RECORDED DATA -
§ §
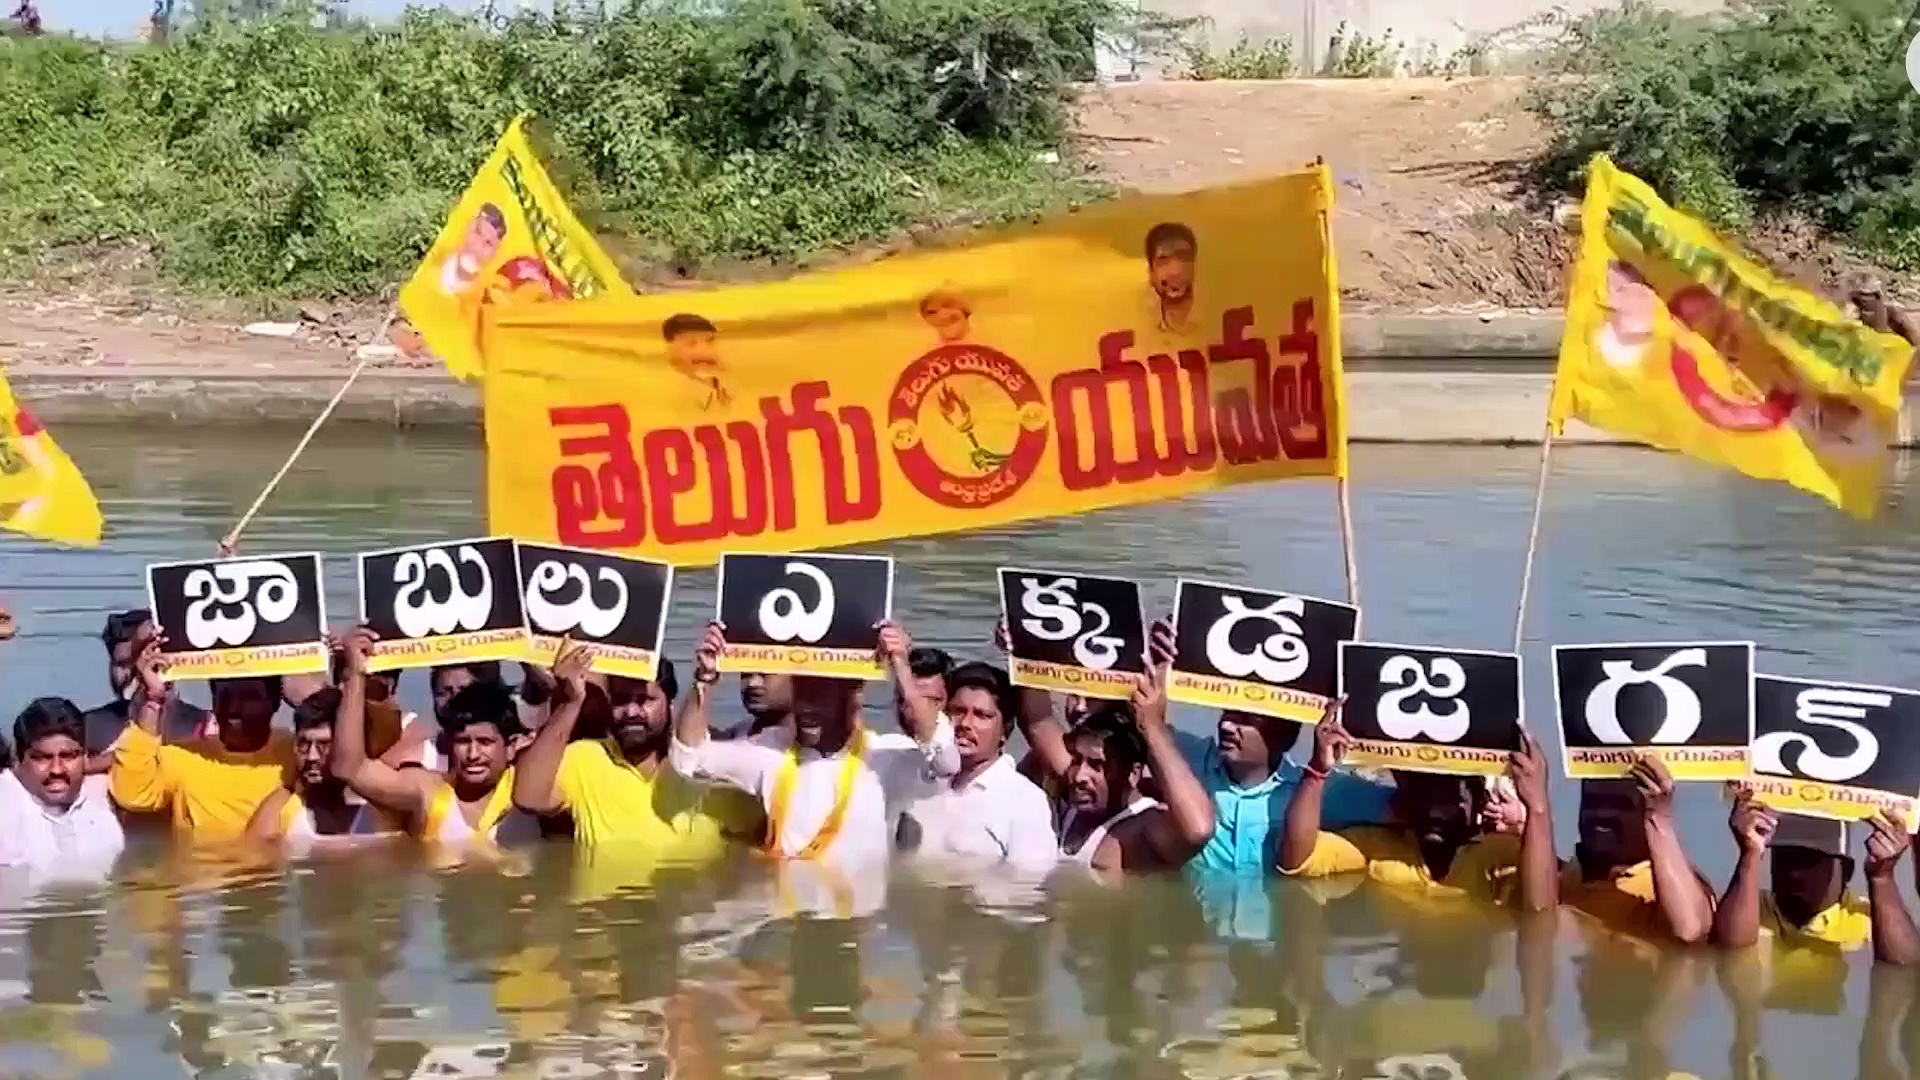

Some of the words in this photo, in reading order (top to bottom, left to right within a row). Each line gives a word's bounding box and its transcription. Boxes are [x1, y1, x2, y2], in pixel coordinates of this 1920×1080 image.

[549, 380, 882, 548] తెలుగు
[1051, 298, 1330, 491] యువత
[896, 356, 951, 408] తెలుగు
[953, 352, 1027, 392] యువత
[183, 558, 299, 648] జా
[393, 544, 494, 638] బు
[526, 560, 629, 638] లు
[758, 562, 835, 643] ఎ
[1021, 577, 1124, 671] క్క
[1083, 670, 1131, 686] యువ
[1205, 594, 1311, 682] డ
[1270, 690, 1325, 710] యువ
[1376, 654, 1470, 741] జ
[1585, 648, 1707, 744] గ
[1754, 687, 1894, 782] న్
§ §
TASK GOAL - Word for word, restate the records above and drop the pictures.

EXERCISE RESPONSE -
Some of the words in this photo, in reading order (top to bottom, left to right within a row). Each line gives a word's bounding box and its transcription. Boxes are [x1, y1, x2, y2], in pixel coordinates of this 1920×1080 image.

[549, 380, 882, 548] తెలుగు
[1051, 298, 1330, 491] యువత
[896, 356, 951, 408] తెలుగు
[953, 352, 1027, 392] యువత
[183, 558, 299, 648] జా
[393, 544, 494, 638] బు
[526, 560, 629, 638] లు
[758, 562, 835, 643] ఎ
[1021, 577, 1124, 671] క్క
[1083, 670, 1131, 686] యువ
[1205, 594, 1311, 682] డ
[1270, 690, 1325, 710] యువ
[1376, 654, 1470, 741] జ
[1585, 648, 1707, 744] గ
[1754, 687, 1894, 782] న్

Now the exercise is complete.